▶ _ENTRIES SUPPLIED_
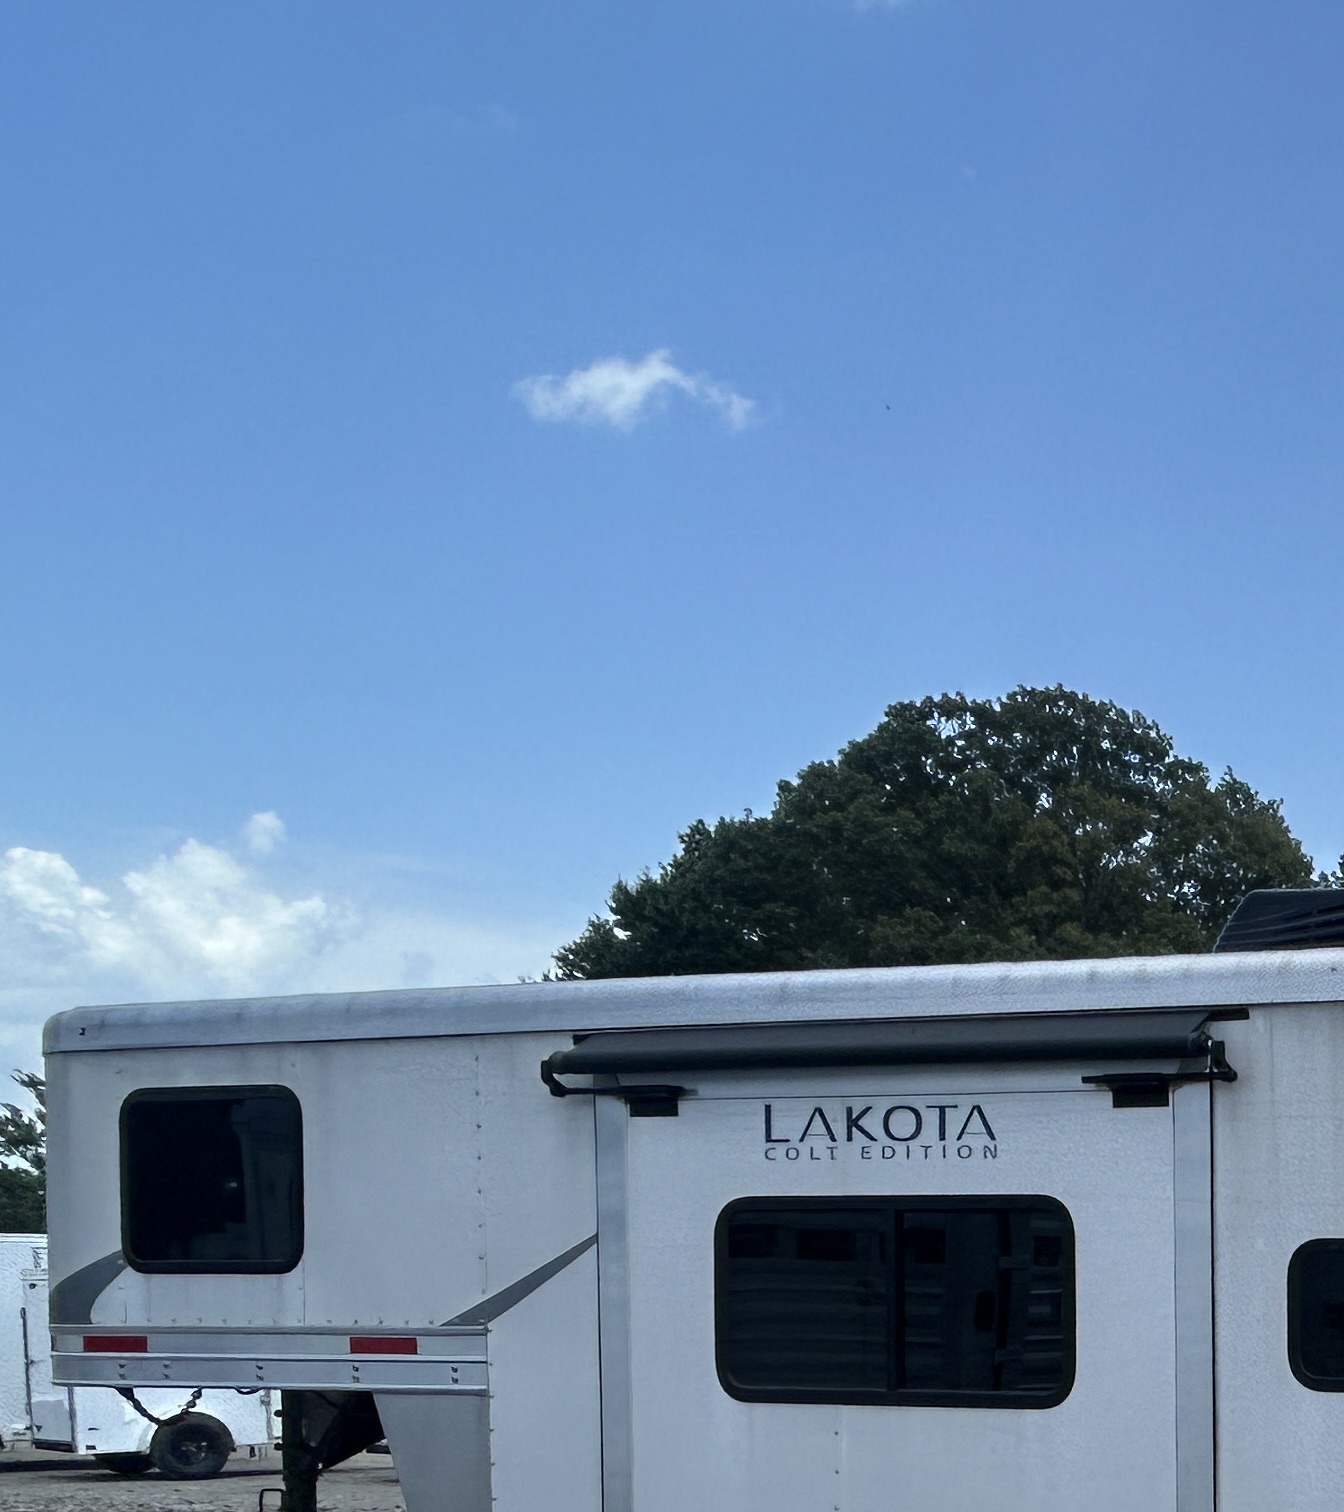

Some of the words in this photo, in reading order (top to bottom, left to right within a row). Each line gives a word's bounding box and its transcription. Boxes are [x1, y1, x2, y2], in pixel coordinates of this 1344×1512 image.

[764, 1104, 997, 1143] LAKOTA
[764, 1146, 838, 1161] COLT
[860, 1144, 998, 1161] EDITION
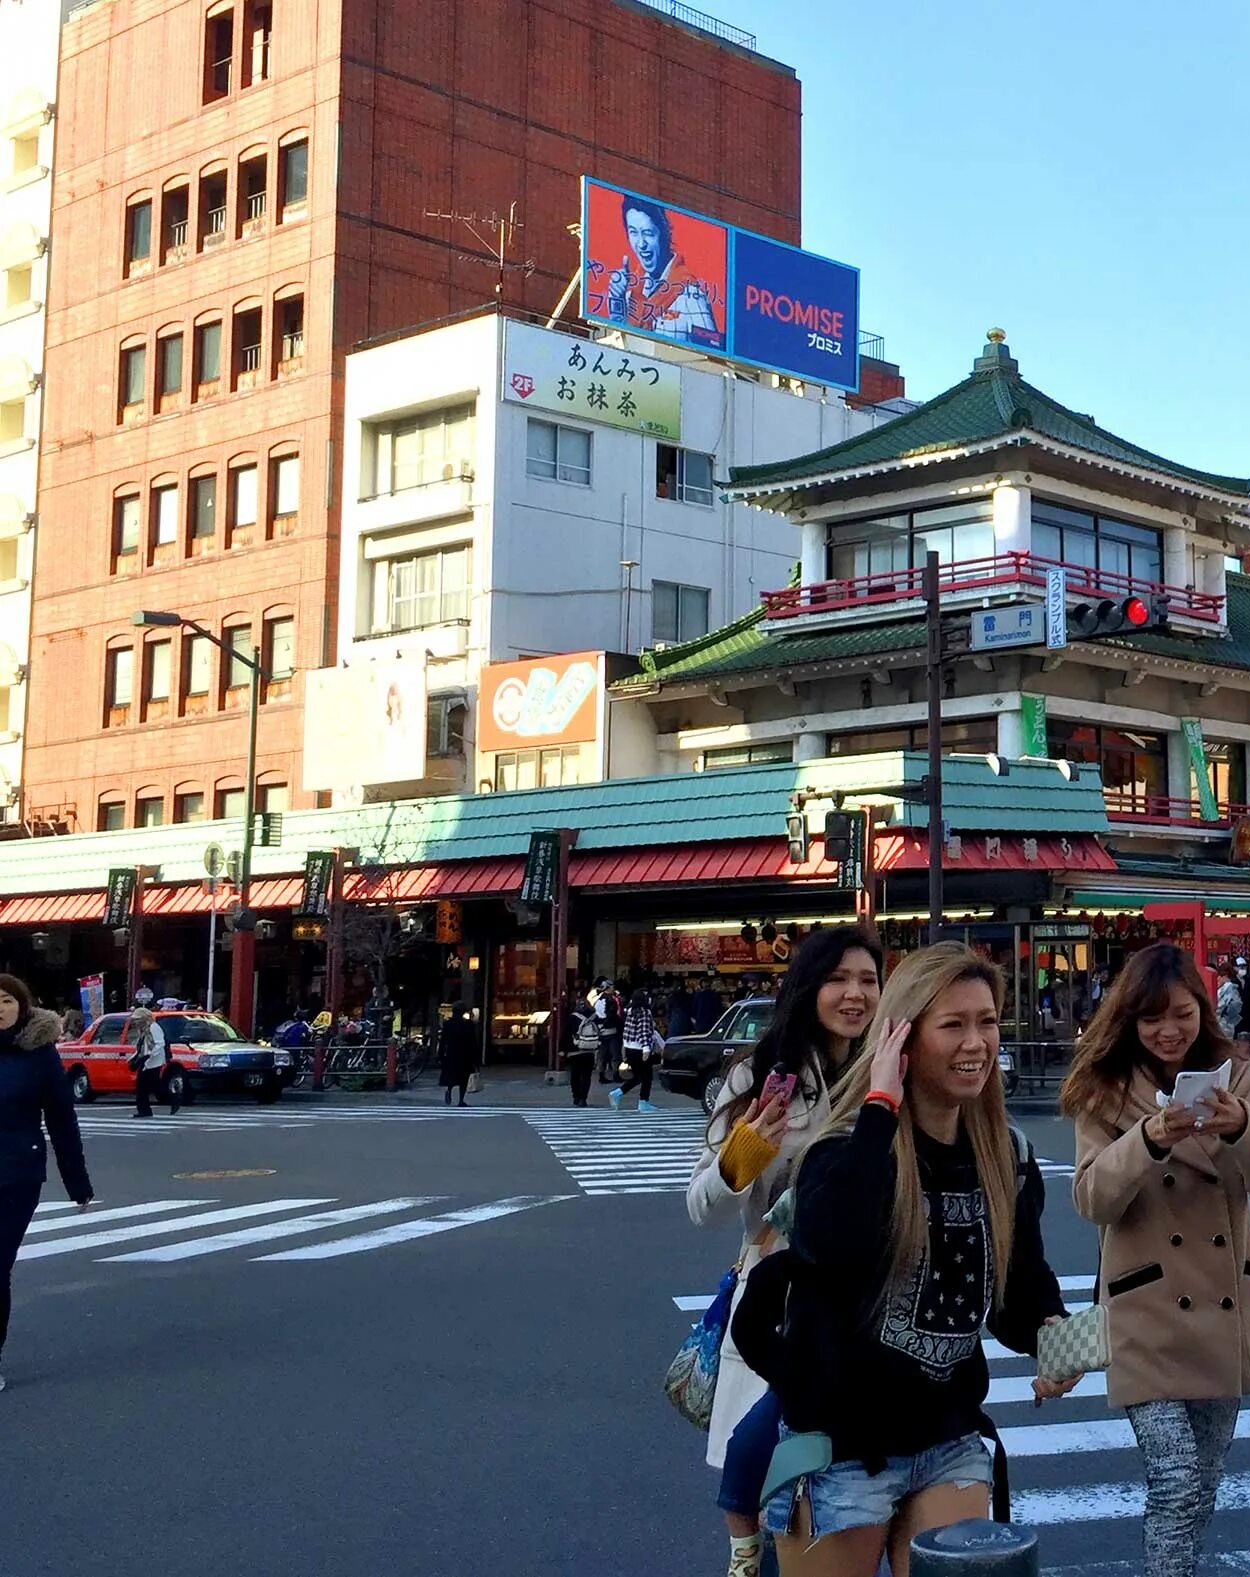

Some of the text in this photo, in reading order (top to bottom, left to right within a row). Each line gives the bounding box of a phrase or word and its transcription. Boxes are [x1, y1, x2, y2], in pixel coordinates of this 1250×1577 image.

▶ _TASK STATEMENT_
With the pictures removed, return all the entries exactly.

▶ _RESPONSE TO THIS TASK_
Some of the words in this photo, in reading order (top to bottom, left to right within a row). Each line gives a word's bounding box and its transcription. Boxes are [x1, y1, x2, y2], in pixel coordinates of this 1344×1512 image.

[764, 1104, 997, 1143] LAKOTA
[764, 1146, 838, 1161] COLT
[860, 1144, 998, 1161] EDITION

Some of the text in this photo, in reading order (top to bottom, left to right within a row). Each line gives the bounding box of a phrase or word and its transcription. Boxes are [x1, y1, x2, y2], in pixel coordinates of this 1250×1577 image.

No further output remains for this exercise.